O acto administrativo
Caso Prático I
C, técnico superior jurista do quadro dos SMAS do município do Porto, foi nomeado Director do Departamento Financeiro e de Aprovisionamento dos SMAS, em regime de substituição e por um período de seis meses, tendo o Conselho de Administração dos SMAS prorrogado posteriormente a nomeação “até ao preenchimento do lugar pela via do concurso”.

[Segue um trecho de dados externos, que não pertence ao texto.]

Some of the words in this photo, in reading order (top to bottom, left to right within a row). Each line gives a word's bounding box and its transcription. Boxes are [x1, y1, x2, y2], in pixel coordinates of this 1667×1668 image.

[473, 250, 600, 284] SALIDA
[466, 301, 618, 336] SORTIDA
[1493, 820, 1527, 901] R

Tendo em conta que, por deliberação de 05.03.2009, o Conselho de Administração dos SMAS do Porto fez cessar o regime de substituição em que aquele se encontrava nomeado no cargo de director, imagine que C, considerando-se vítima de um saneamento político, vem colocar-lhe as seguintes questões:
1) Se a decisão que cessa a nomeação esta devidamente fundamentada, uma vez que só invoca como razão o facto de o “o Conselho de Administração considerar essencial e urgente introduzir alterações significativas na estrutura, no modo de funcionamento e na cultura dos serviços”, não invocando mais nenhuma razão.
2) Se o facto de o parecer dado pela procuradoria jurídica da Câmara se ter pronunciado contra a cessação da nomeação de C tem relevância quanto à validade da decisão que veio a ser tomada.
3) Se a decisão que o havia nomeado é constitutiva de um direito, uma vez que ela integra um termo e pressupõe o exercício do cargo até ao desfecho do concurso, não sendo, por isso, passível de revogação – e muito menos sem audiência prévia.